The calculation algorithm used for operational PVPP generation forecasting consists of the following items, presented in Figure 10, where

W_{of}

—PVPP generation operational forecast, (kW∙h);

W_{stf}

—PVPP generation STF, (kW∙h);

E_{stf}^{f}

—operational forecast of PVPP generation STF error, (kW∙h).

The proposed algorithm makes it possible to promptly (1 h ahead) correct STF stationary errors (that is, those that occur for several hours straight). In this case, the cumulative error of the methodology for calculating the STF will be corrected: the error associated with the assessment of the cloudiness influence on the share of solar energy losses when passing through the cloud layer; errors in cloudiness forecasts, as well as errors of other mathematical models.

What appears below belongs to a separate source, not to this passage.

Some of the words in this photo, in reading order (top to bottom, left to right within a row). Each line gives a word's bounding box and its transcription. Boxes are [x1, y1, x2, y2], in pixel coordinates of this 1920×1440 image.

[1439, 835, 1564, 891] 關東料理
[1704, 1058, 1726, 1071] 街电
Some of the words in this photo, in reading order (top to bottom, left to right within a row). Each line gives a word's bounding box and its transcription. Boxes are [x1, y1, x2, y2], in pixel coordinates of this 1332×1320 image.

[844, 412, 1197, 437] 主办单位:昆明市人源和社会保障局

4.2. PVPP Generation Operational Forecasting Models Description

To implement the operational forecasting on the basis of retrospective data on STF errors, the possibility of using a number of statistical mathematical models is considered [43].

4.2.1. Persistence Model (Represents the So-Called “Naive” Approach)

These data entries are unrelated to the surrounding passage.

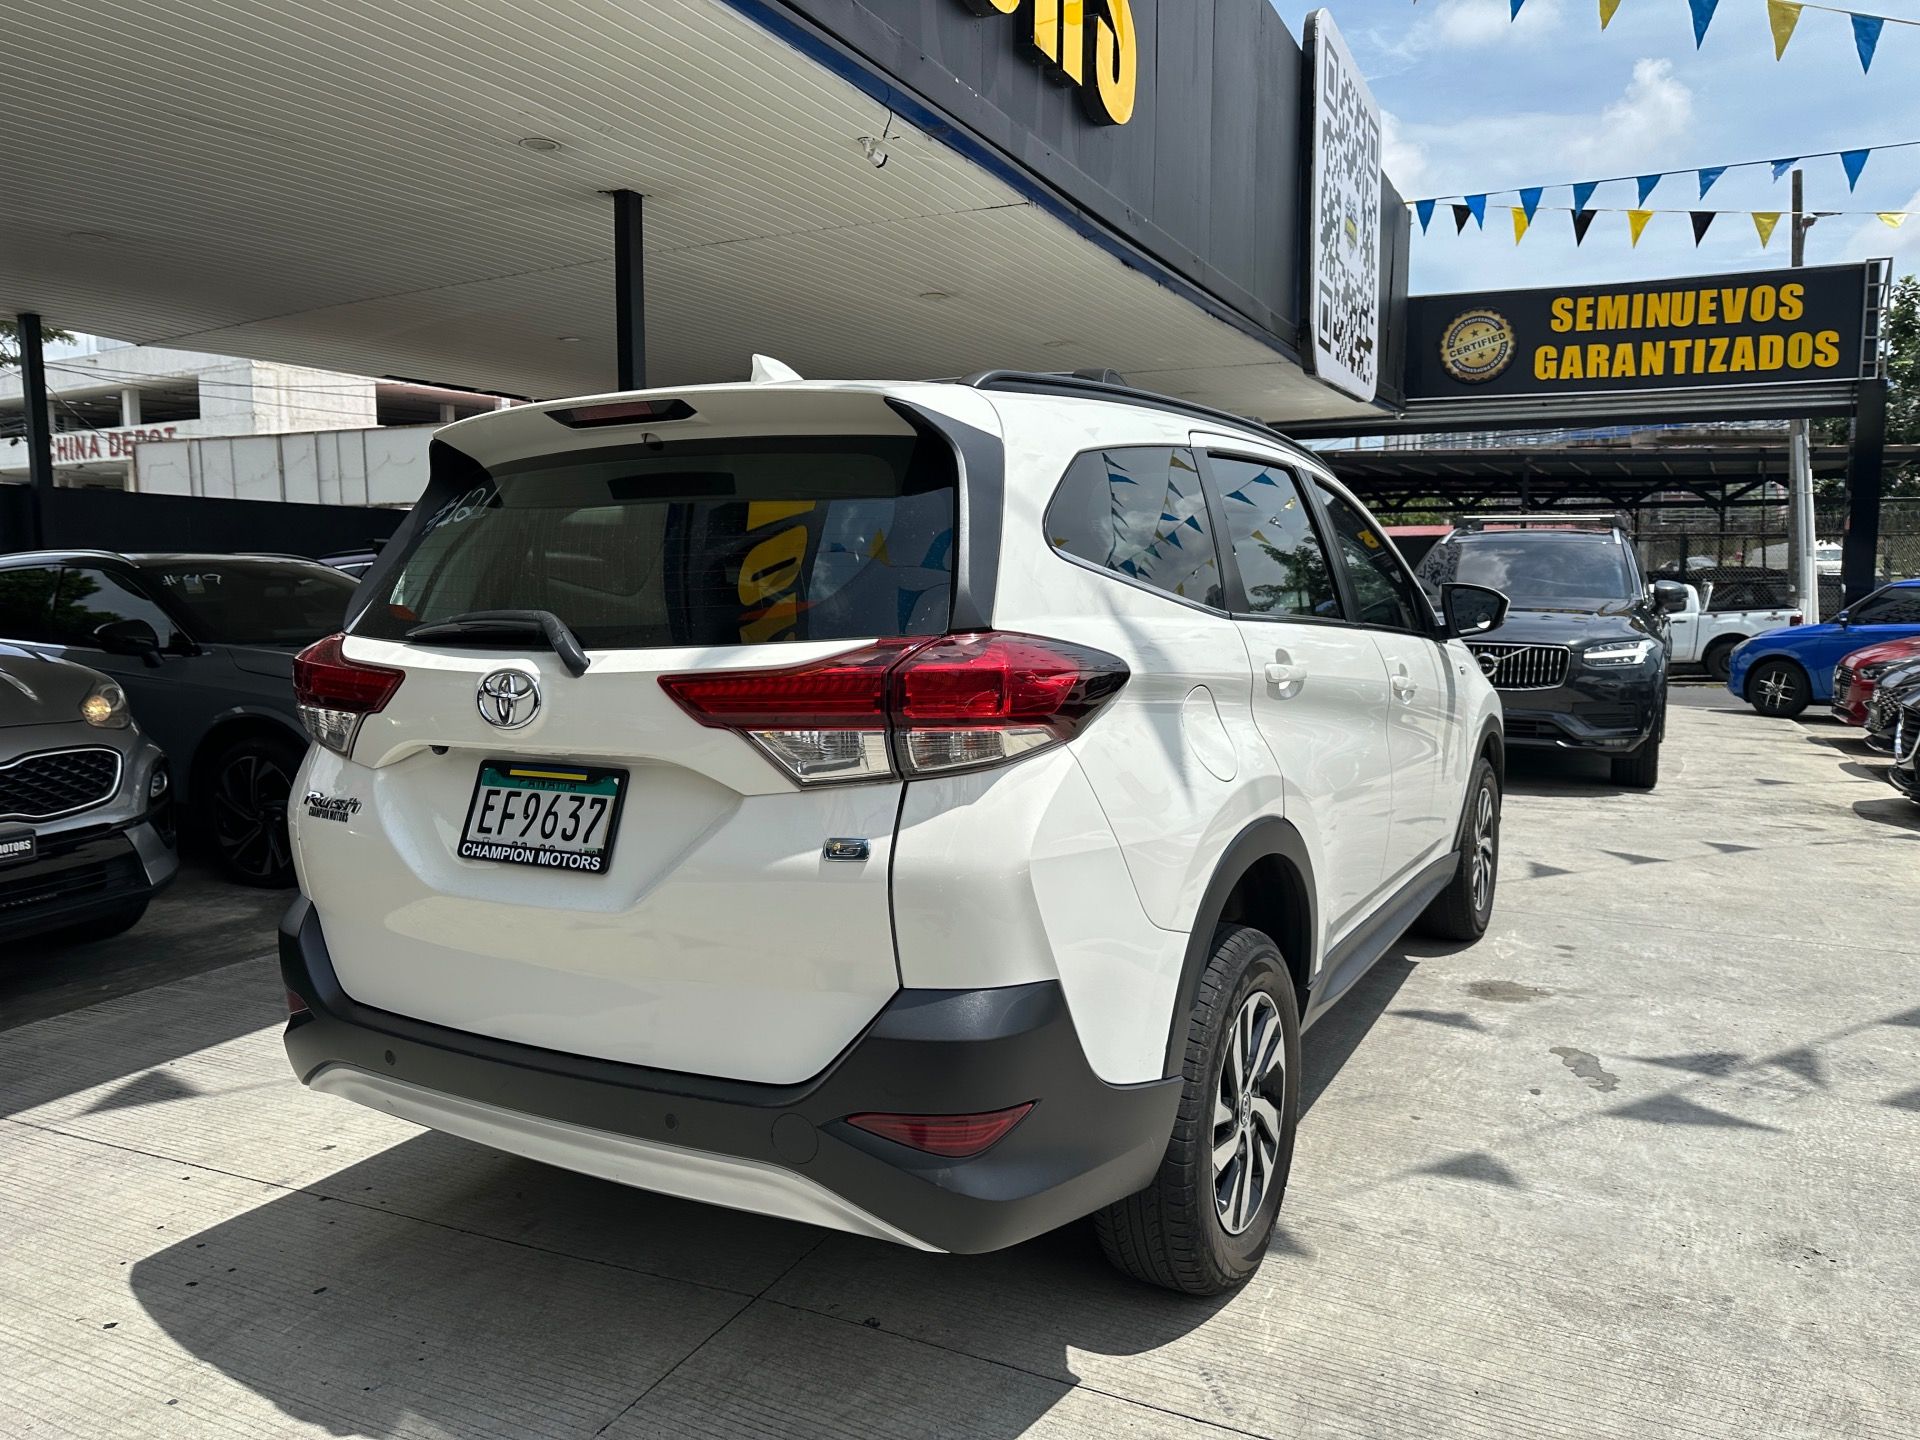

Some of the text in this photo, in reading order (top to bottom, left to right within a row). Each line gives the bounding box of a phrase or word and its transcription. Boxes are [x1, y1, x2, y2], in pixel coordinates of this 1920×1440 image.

[1550, 283, 1805, 333] SEMINUEVOS
[1449, 332, 1506, 358] CERTIFIED
[1534, 330, 1840, 381] GARANTIZADOS
[477, 789, 608, 844] EF9637
[462, 842, 534, 863] CHAMPION
[537, 850, 601, 871] MOTORS

According to this approach, it is assumed that the forecasted value at the next time step is equal to the actual value at the current step. Thus:

E_{stf}^{pr} (t + 1) = E_{stf}^{act} (t),

(7)

where

t

—time interval, (hour);

E_{stf}^{pr} (t + 1)

—STF error operational forecast for 1 h ahead, (kW∙h);

E_{stf}^{act} (t)

—actual value of the STF error, (kW∙h).

This model makes it possible to obtain fairly accurate transparency index operational forecasts in those cases when a stationary STF error occurs, which persists for several time intervals straight, constant in magnitude and sign. At the same time, in the case of a rapid change in the STF error value or sign, the operational forecast will be less accurate than the STF.

4.2.2. Moving Average Model (Is an Advanced Inertial Model)

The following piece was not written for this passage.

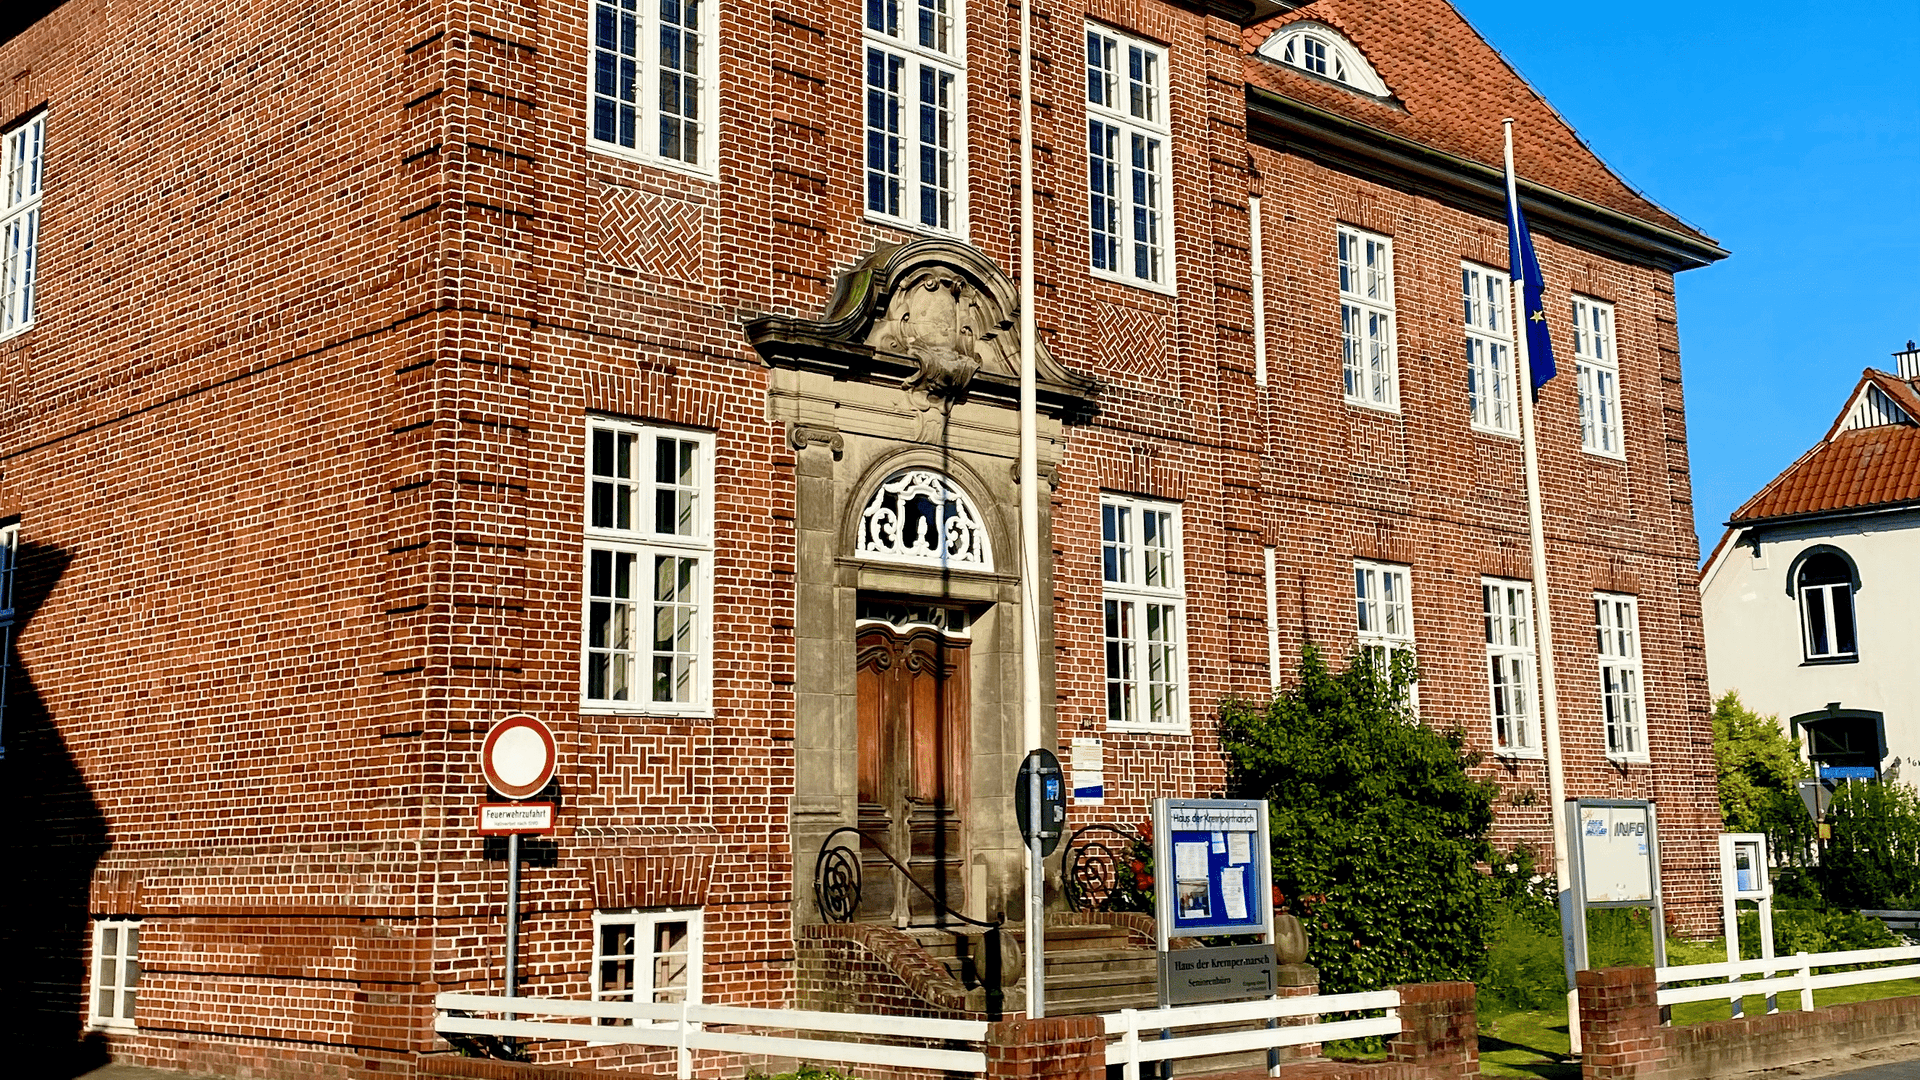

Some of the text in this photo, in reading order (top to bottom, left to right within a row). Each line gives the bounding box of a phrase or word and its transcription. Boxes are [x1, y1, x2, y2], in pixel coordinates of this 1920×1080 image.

This is a well-known time series smoothing technique that eliminates random fluctuations in the time series. The moving average model (MA (M)) can be represented in accordance with the following expression:

E_{stf}^{pr} (t + 1) = \frac{1}{T} \sum_{i = 0}^{T - 1} E_{stf}^{act} (t - i),

(8)

where

T

—the number of observations in the period used to calculate the mean, (dimensionless value);

i

—the offset relative to the current time interval, (hour);

E_{stf}^{act} (t - i)

—STF error actual value for the time interval

t - i

, (p.u.), the number of observations in the period—

T

, used to calculate the average value, denotes the model order.

When using the MA (M) model, the initial values of the time series are replaced by the arithmetic mean within the selected time period. When forecasting for the next interval, the period is shifted by one observation, and the calculation of the mean is repeated. The periods use the same time frames for determining the average. The wider the frame used for smoothing, the smoother the trend is.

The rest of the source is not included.